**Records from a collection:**
------------------------------------

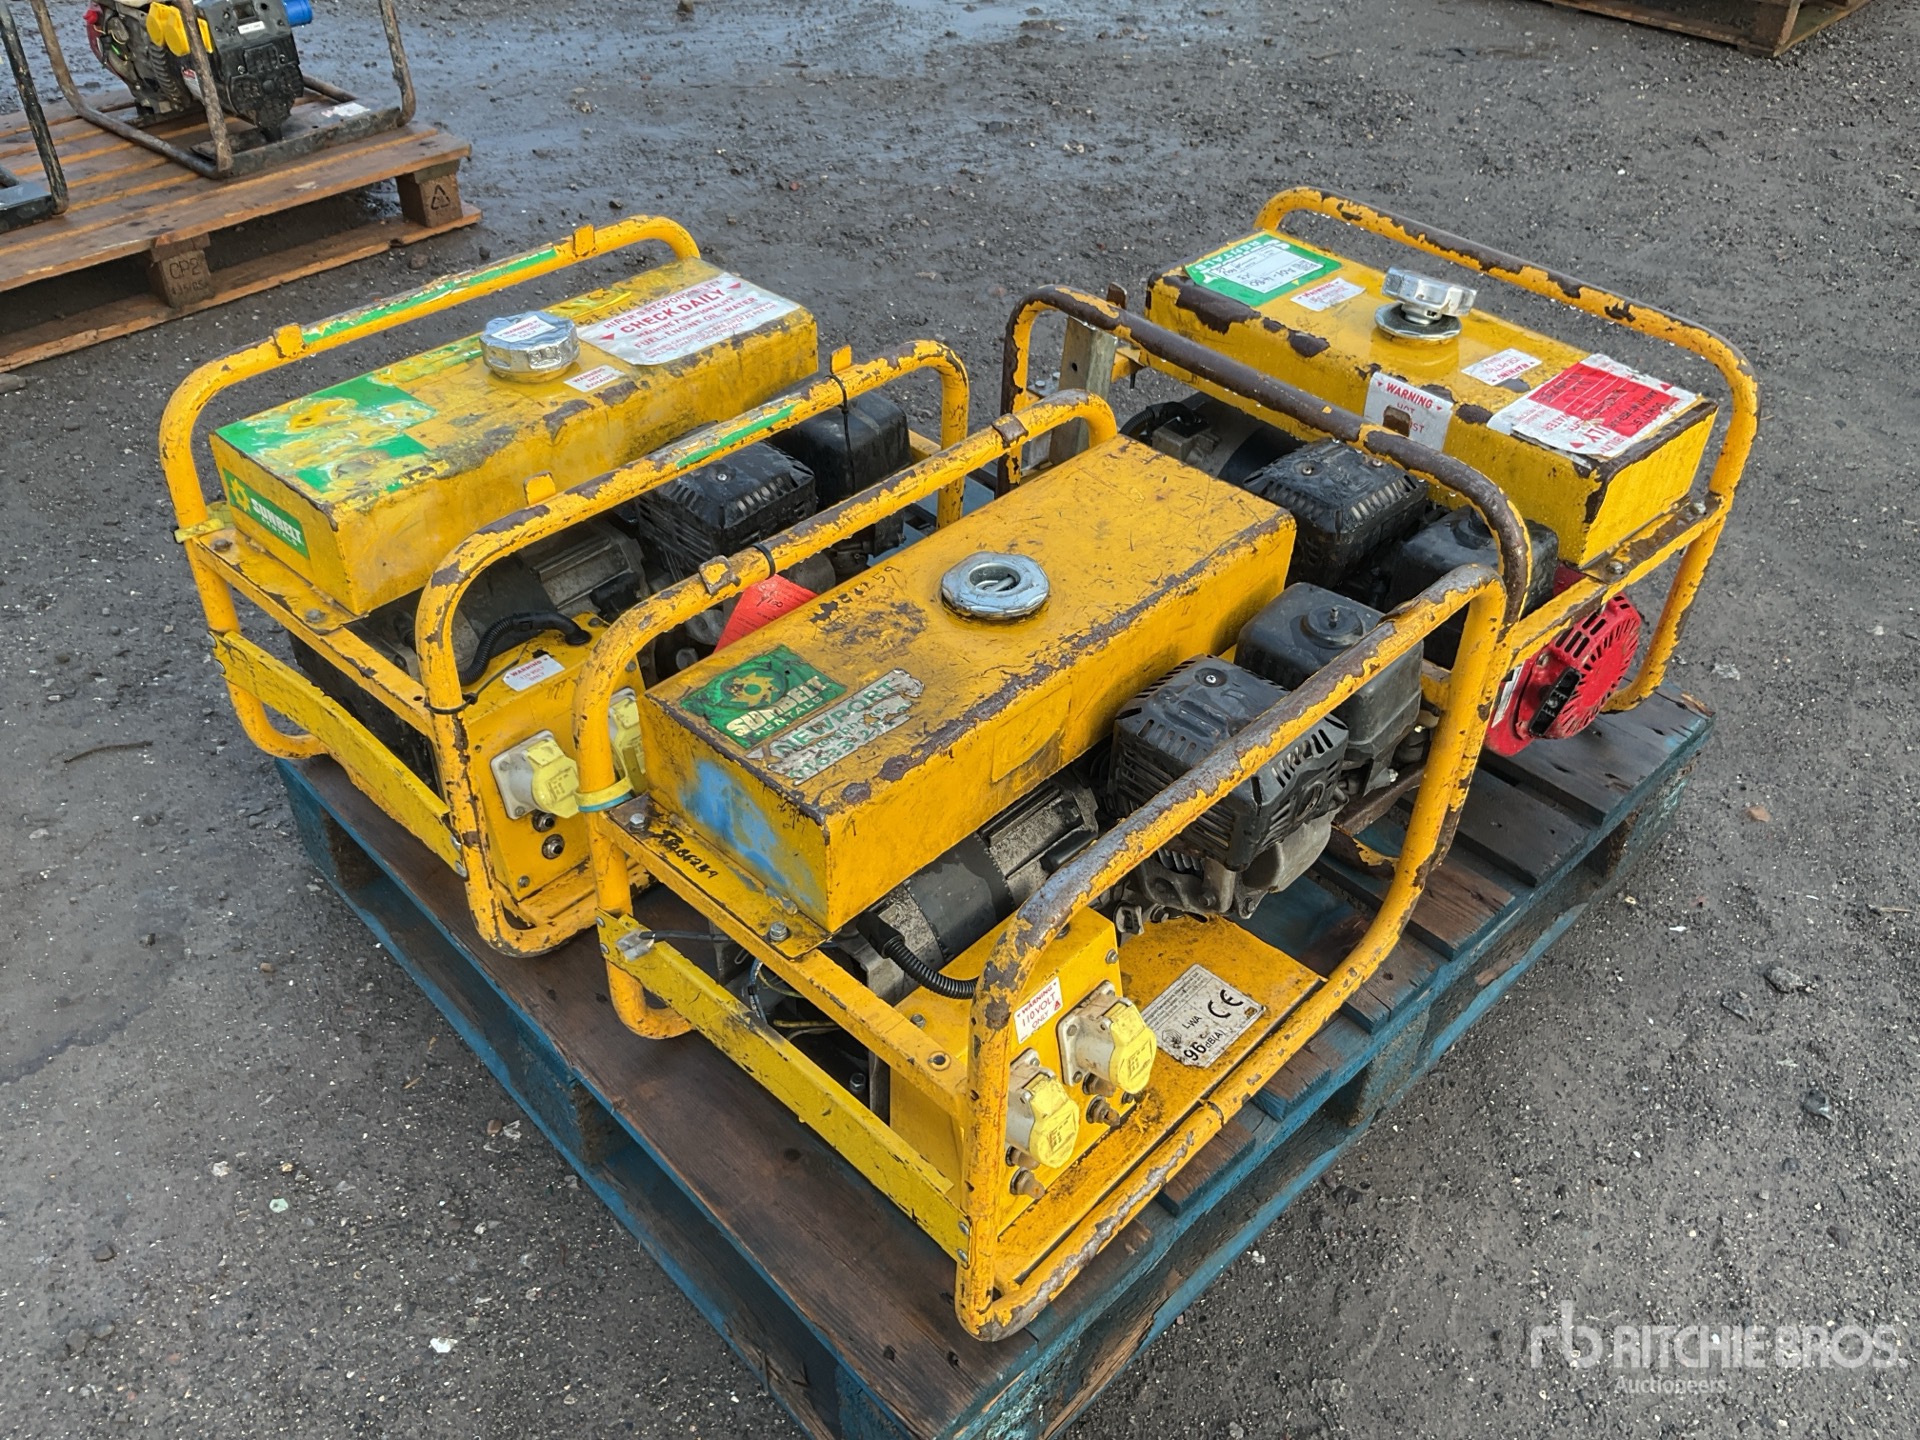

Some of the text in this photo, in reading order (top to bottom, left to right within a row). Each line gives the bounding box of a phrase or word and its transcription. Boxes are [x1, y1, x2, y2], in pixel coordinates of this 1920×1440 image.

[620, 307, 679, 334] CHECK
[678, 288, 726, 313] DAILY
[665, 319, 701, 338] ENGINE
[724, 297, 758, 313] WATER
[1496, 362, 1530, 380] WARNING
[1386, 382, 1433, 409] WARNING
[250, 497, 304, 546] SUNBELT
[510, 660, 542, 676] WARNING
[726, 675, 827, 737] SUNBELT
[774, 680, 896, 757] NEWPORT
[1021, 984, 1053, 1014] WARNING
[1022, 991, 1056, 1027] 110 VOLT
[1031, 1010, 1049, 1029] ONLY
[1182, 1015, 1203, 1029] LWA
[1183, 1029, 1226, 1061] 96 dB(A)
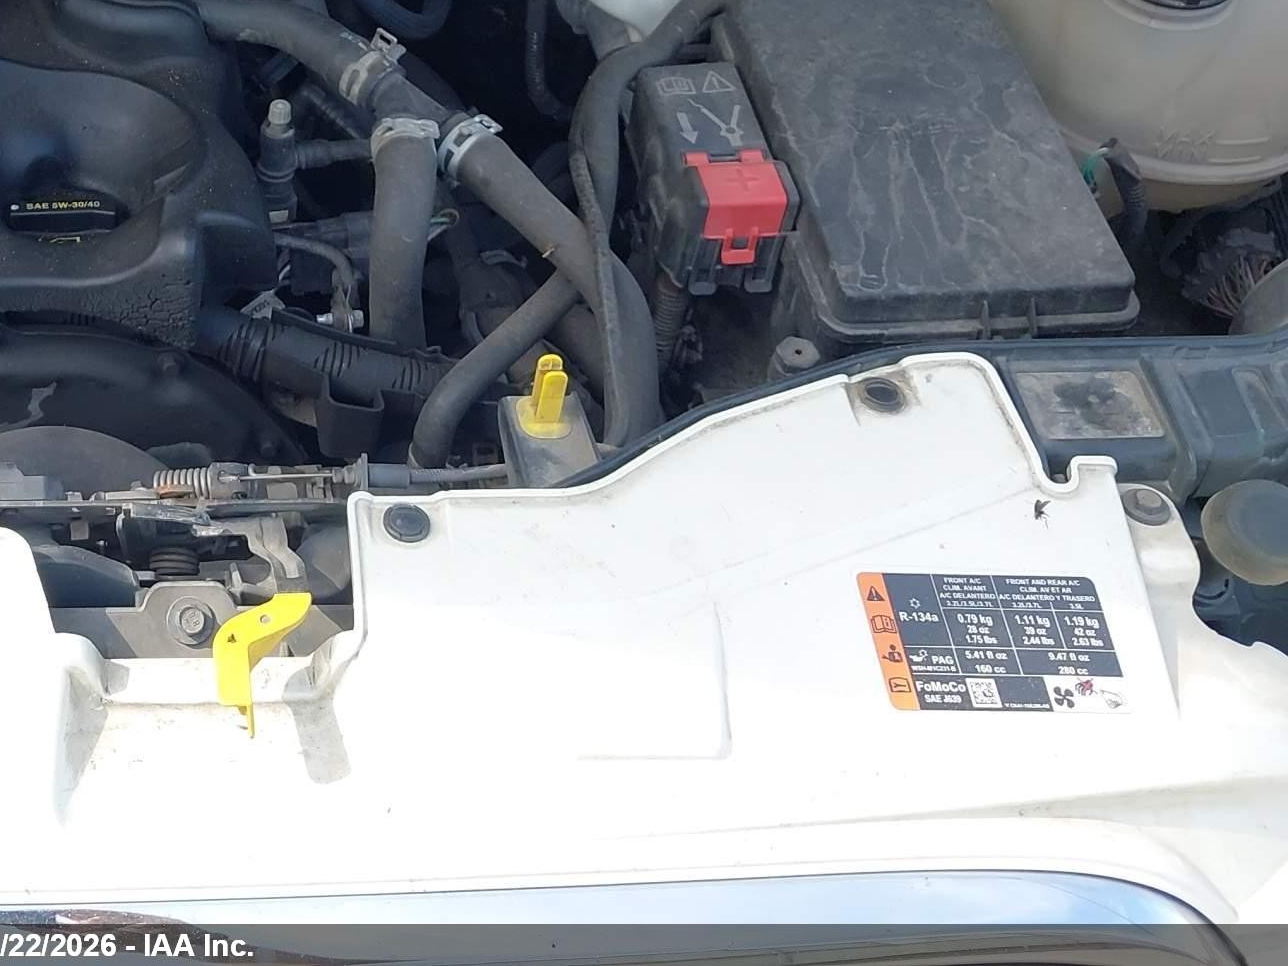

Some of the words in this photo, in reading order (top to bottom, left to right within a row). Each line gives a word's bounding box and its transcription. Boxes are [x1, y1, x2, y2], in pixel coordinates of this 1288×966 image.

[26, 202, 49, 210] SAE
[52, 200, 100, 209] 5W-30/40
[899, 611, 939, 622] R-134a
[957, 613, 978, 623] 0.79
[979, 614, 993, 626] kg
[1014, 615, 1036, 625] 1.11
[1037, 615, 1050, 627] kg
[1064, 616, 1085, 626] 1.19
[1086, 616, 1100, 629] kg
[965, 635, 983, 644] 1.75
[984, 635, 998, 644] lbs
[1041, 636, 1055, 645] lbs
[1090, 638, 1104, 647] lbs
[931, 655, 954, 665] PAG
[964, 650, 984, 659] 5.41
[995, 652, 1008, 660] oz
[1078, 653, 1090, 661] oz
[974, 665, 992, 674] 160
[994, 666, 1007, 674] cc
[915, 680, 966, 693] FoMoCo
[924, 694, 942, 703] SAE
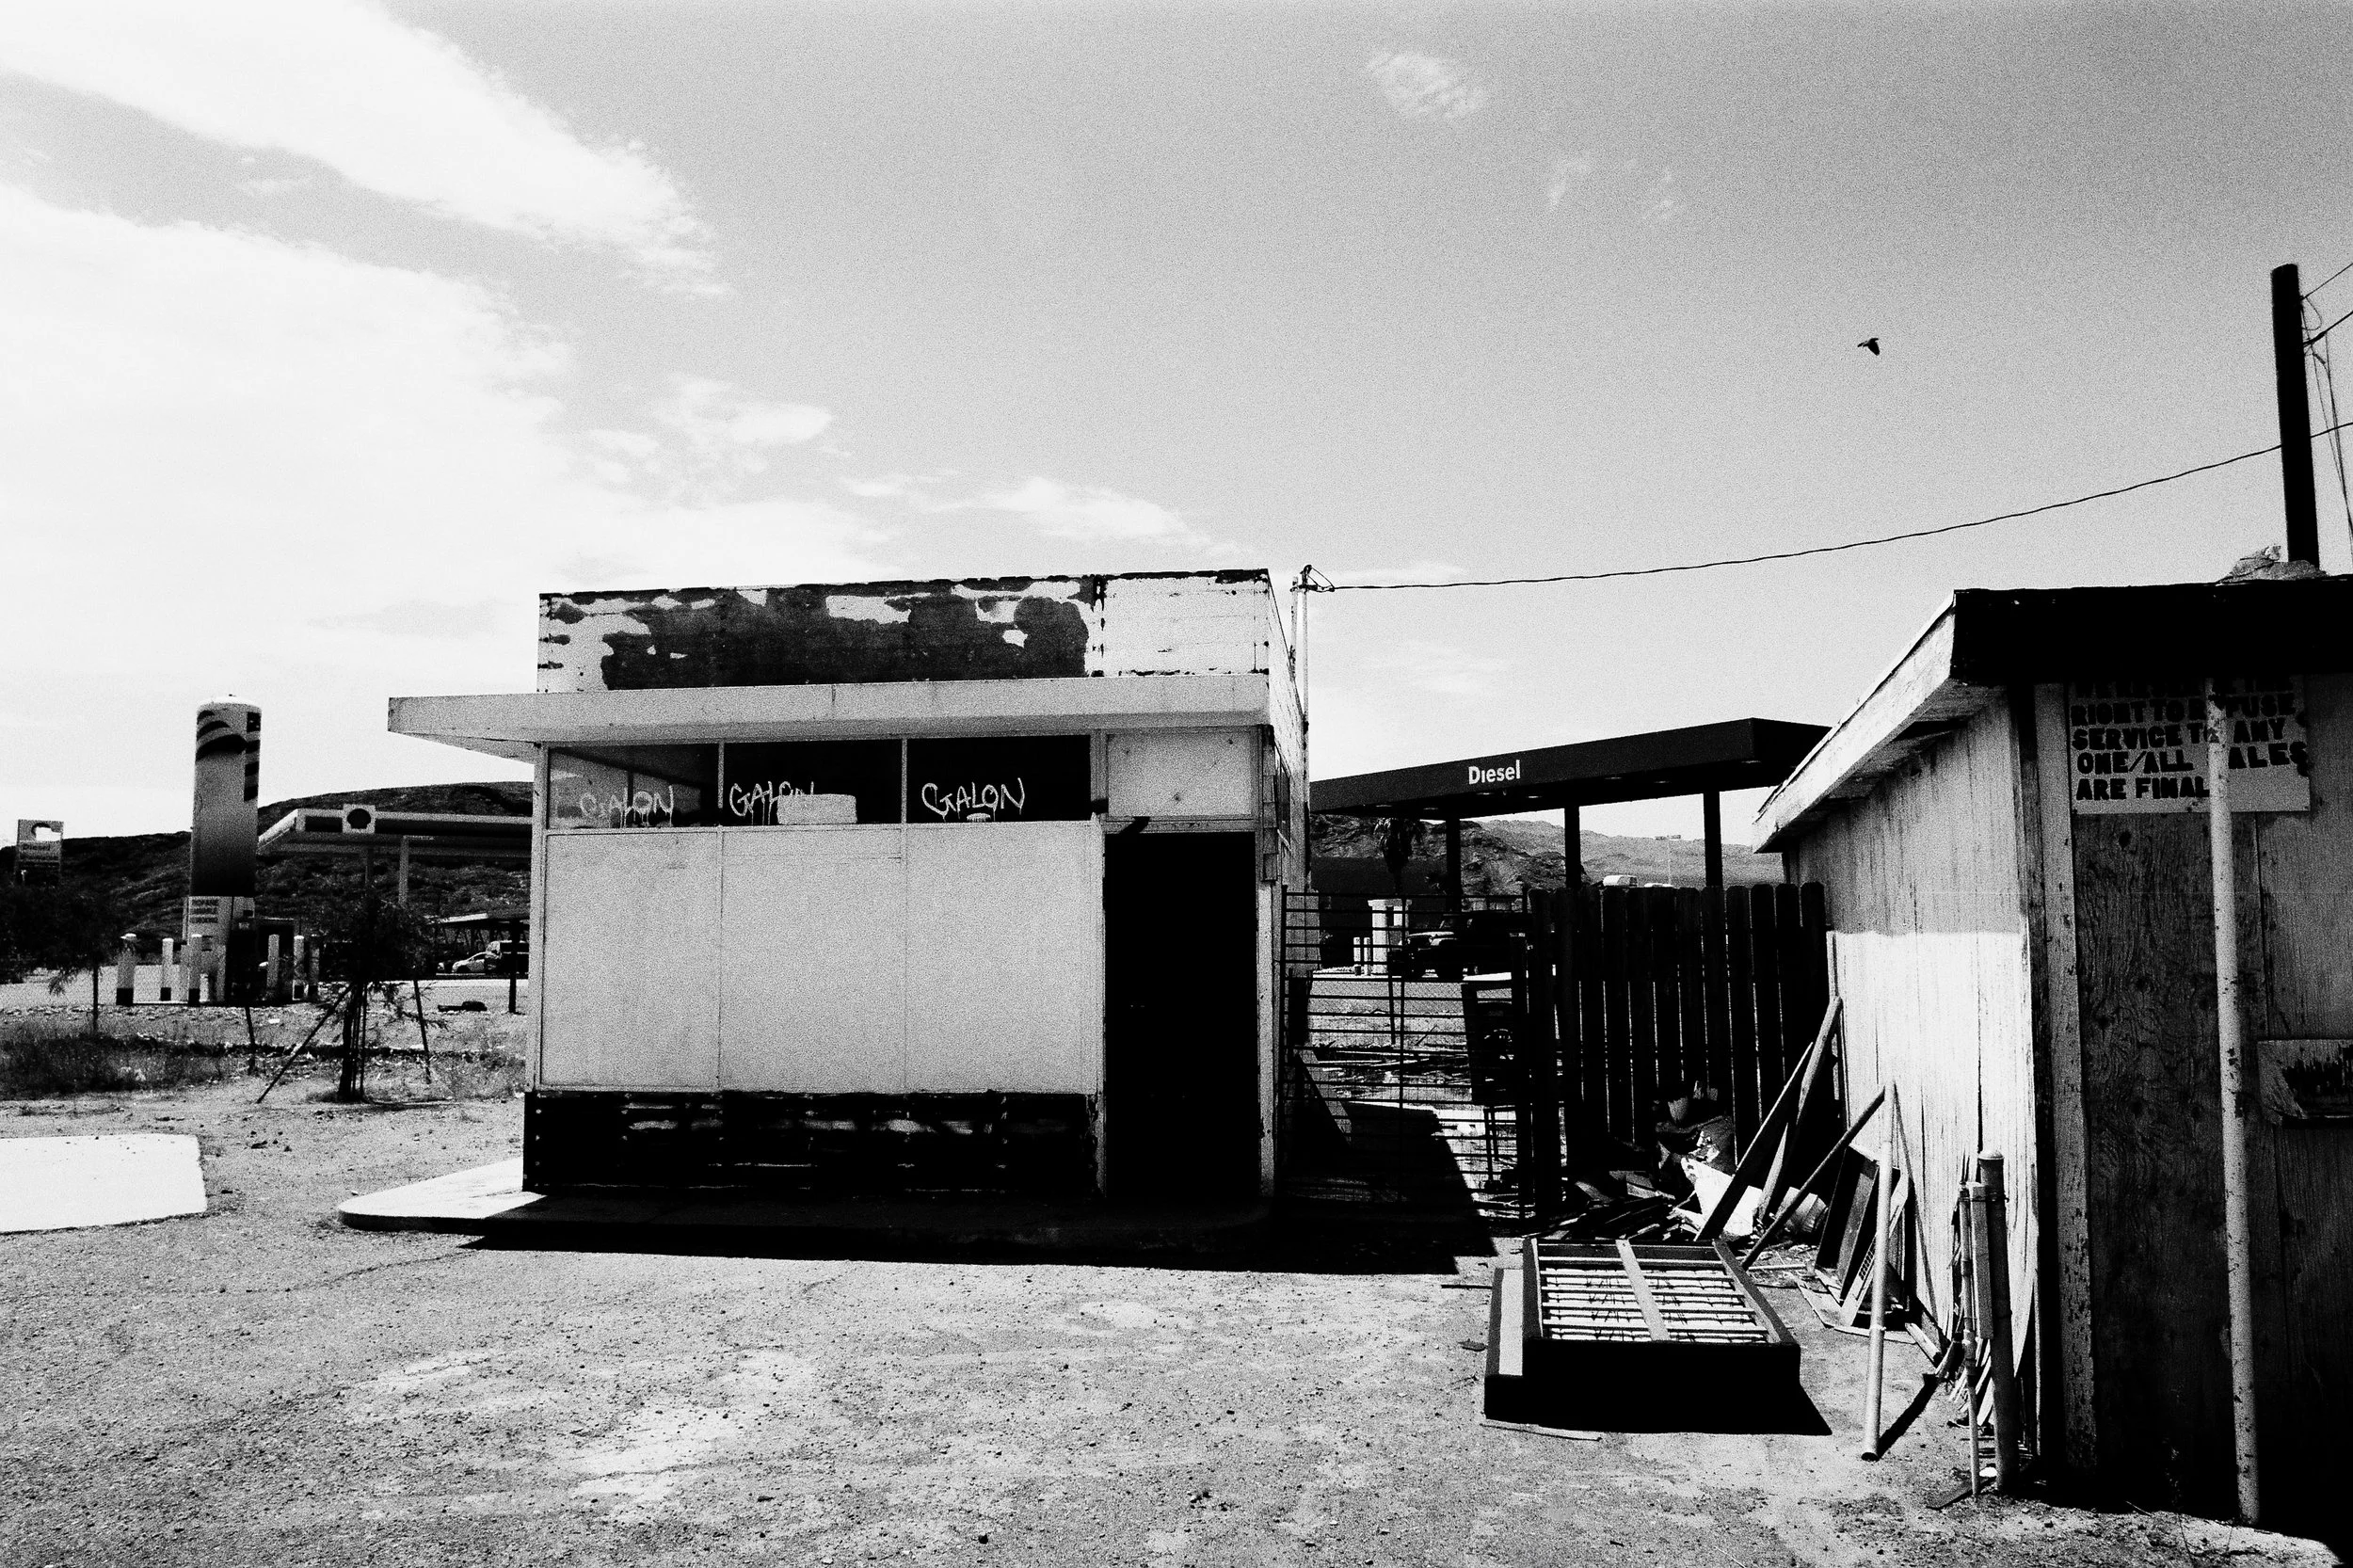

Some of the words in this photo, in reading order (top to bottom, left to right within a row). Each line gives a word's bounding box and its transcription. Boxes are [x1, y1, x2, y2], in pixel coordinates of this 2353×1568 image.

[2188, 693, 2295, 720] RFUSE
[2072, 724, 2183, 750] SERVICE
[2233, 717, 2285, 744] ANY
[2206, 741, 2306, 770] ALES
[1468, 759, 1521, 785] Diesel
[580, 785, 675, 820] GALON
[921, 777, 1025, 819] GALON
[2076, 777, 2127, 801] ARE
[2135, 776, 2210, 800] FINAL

------------------------------------

**Task details:** Copy every entry exactly, leaving out the pictures.

**Exercise answer:**
Some of the text in this photo, in reading order (top to bottom, left to right within a row). Each line gives the bounding box of a phrase or word and its transcription. Boxes are [x1, y1, x2, y2], in pixel coordinates of this 1920×1440 image.

[620, 307, 679, 334] CHECK
[678, 288, 726, 313] DAILY
[665, 319, 701, 338] ENGINE
[724, 297, 758, 313] WATER
[1496, 362, 1530, 380] WARNING
[1386, 382, 1433, 409] WARNING
[250, 497, 304, 546] SUNBELT
[510, 660, 542, 676] WARNING
[726, 675, 827, 737] SUNBELT
[774, 680, 896, 757] NEWPORT
[1021, 984, 1053, 1014] WARNING
[1022, 991, 1056, 1027] 110 VOLT
[1031, 1010, 1049, 1029] ONLY
[1182, 1015, 1203, 1029] LWA
[1183, 1029, 1226, 1061] 96 dB(A)

Some of the words in this photo, in reading order (top to bottom, left to right within a row). Each line gives a word's bounding box and its transcription. Boxes are [x1, y1, x2, y2], in pixel coordinates of this 1288×966 image.

[26, 202, 49, 210] SAE
[52, 200, 100, 209] 5W-30/40
[899, 611, 939, 622] R-134a
[957, 613, 978, 623] 0.79
[979, 614, 993, 626] kg
[1014, 615, 1036, 625] 1.11
[1037, 615, 1050, 627] kg
[1064, 616, 1085, 626] 1.19
[1086, 616, 1100, 629] kg
[965, 635, 983, 644] 1.75
[984, 635, 998, 644] lbs
[1041, 636, 1055, 645] lbs
[1090, 638, 1104, 647] lbs
[931, 655, 954, 665] PAG
[964, 650, 984, 659] 5.41
[995, 652, 1008, 660] oz
[1078, 653, 1090, 661] oz
[974, 665, 992, 674] 160
[994, 666, 1007, 674] cc
[915, 680, 966, 693] FoMoCo
[924, 694, 942, 703] SAE

Some of the words in this photo, in reading order (top to bottom, left to right within a row). Each line gives a word's bounding box and its transcription. Boxes are [x1, y1, x2, y2], in pixel coordinates of this 2353×1568 image.

[2188, 693, 2295, 720] RFUSE
[2072, 724, 2183, 750] SERVICE
[2233, 717, 2285, 744] ANY
[2206, 741, 2306, 770] ALES
[1468, 759, 1521, 785] Diesel
[580, 785, 675, 820] GALON
[921, 777, 1025, 819] GALON
[2076, 777, 2127, 801] ARE
[2135, 776, 2210, 800] FINAL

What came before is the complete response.